__Exercise data__

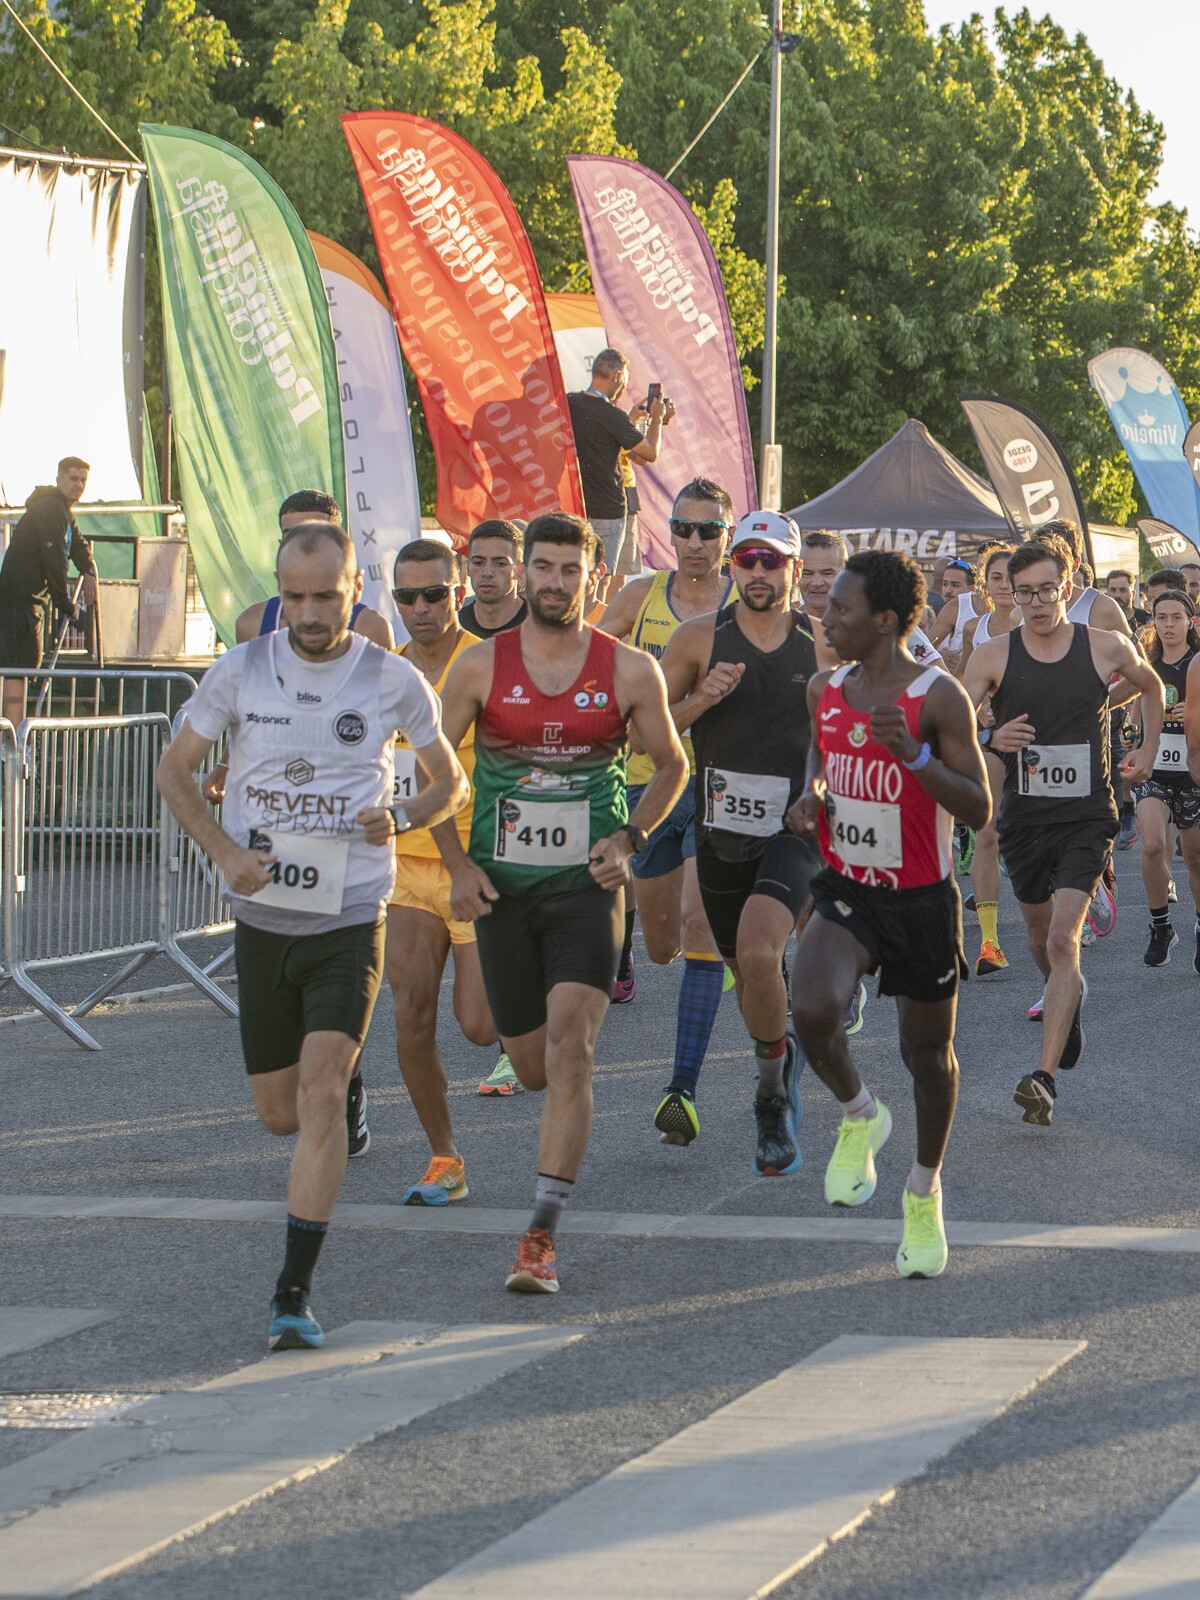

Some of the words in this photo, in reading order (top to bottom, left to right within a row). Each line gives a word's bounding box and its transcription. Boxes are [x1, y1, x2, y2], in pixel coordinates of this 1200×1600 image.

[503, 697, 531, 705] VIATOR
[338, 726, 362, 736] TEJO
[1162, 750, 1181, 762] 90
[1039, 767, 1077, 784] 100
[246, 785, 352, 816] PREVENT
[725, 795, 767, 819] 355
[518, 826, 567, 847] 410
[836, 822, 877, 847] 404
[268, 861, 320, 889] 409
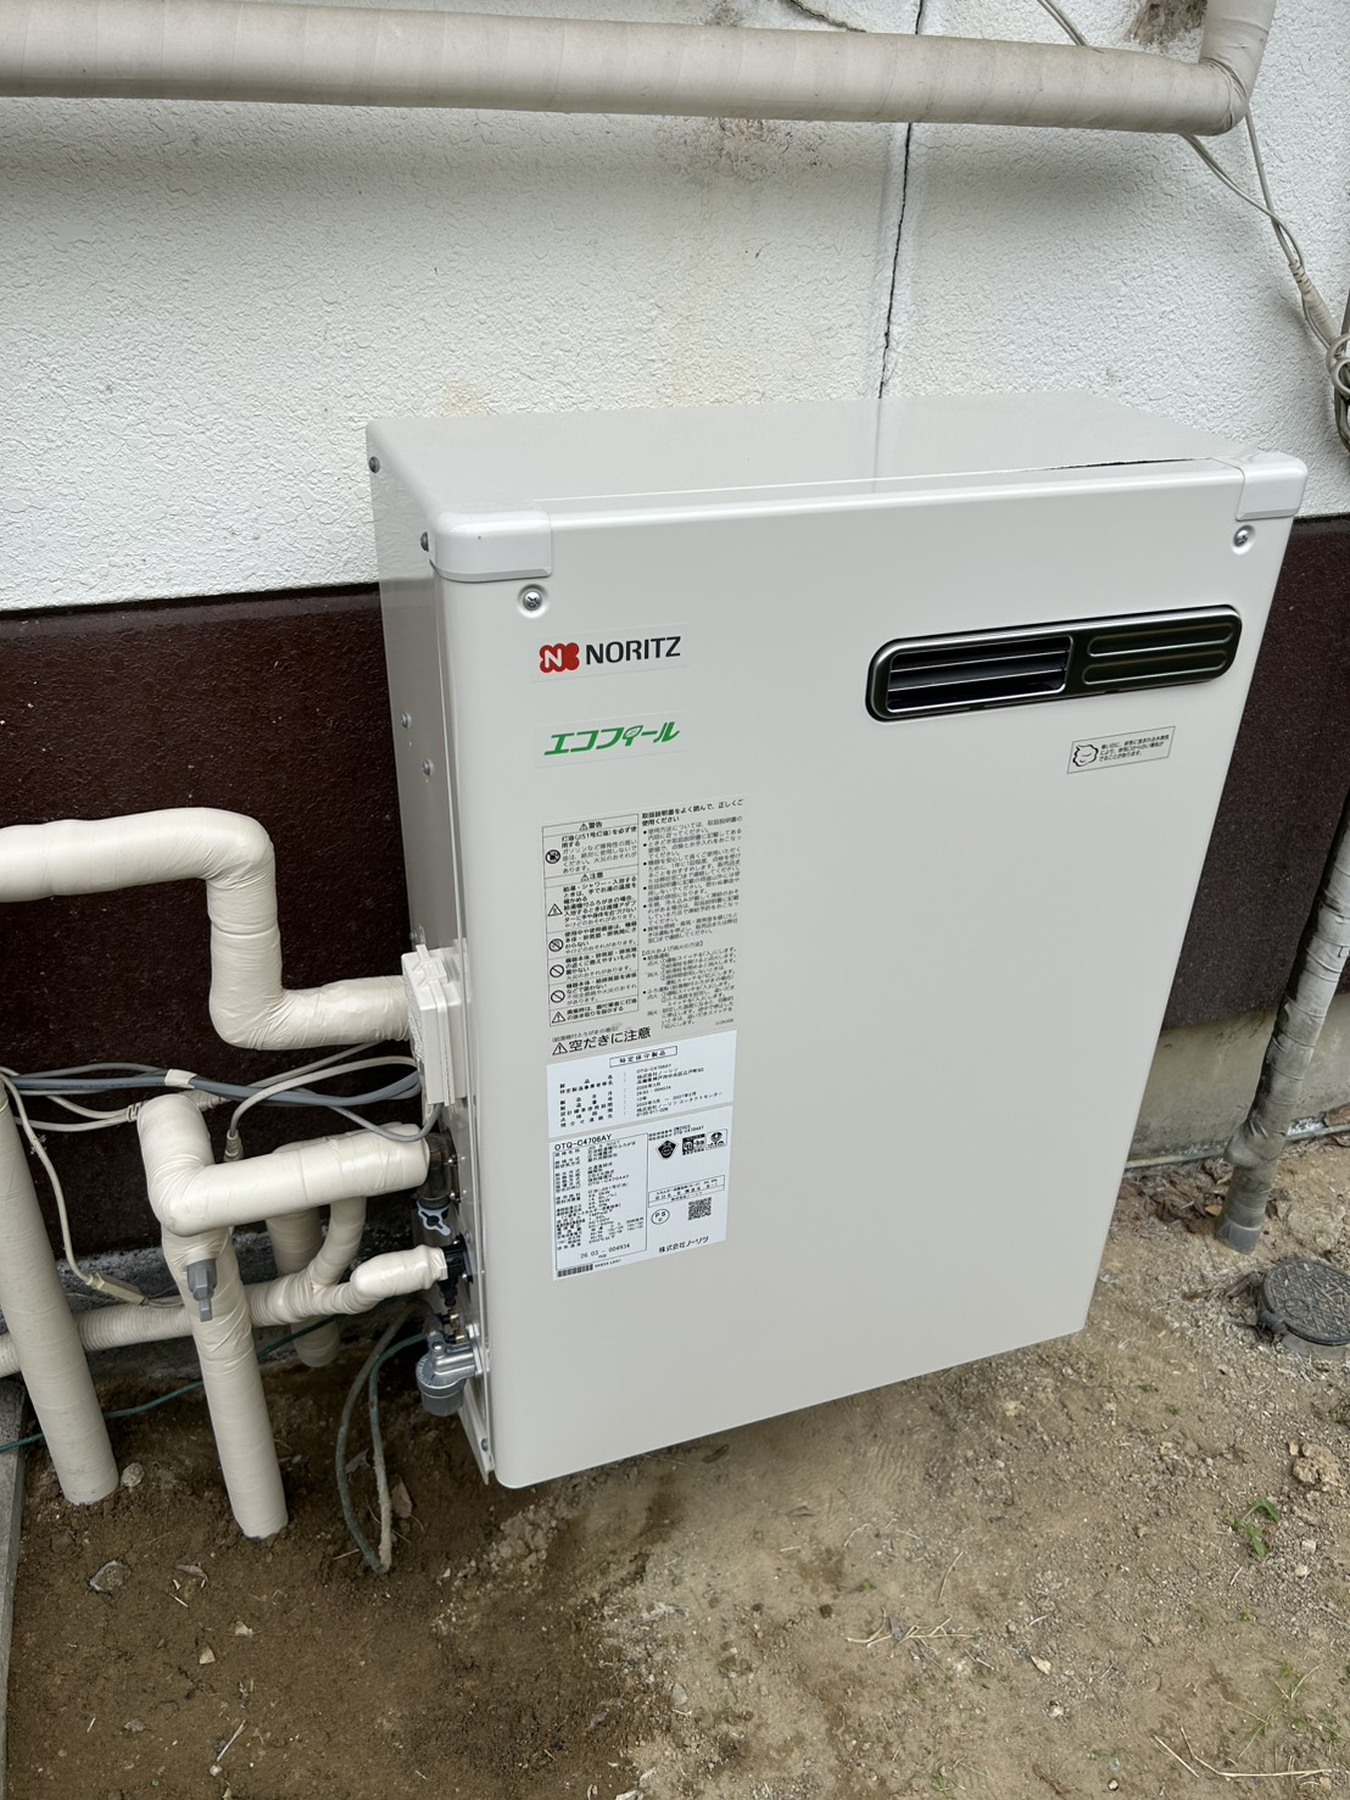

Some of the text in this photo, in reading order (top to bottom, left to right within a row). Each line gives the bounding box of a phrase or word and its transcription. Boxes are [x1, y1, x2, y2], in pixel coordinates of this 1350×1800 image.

__Exercise details__
The material is to be written out word for word, and the pictures are to be left out.

__Task output__
Some of the words in this photo, in reading order (top to bottom, left to right within a row). Each line gives a word's bounding box and its transcription. Boxes are [x1, y1, x2, y2], in pixel coordinates of this 1200×1600 image.

[503, 697, 531, 705] VIATOR
[338, 726, 362, 736] TEJO
[1162, 750, 1181, 762] 90
[1039, 767, 1077, 784] 100
[246, 785, 352, 816] PREVENT
[725, 795, 767, 819] 355
[518, 826, 567, 847] 410
[836, 822, 877, 847] 404
[268, 861, 320, 889] 409

Some of the text in this photo, in reading order (top to bottom, left to right within a row). Each line gives the bounding box of a phrase or word and its transcription. Boxes are [x1, y1, x2, y2], in pixel coordinates of this 1350×1800 image.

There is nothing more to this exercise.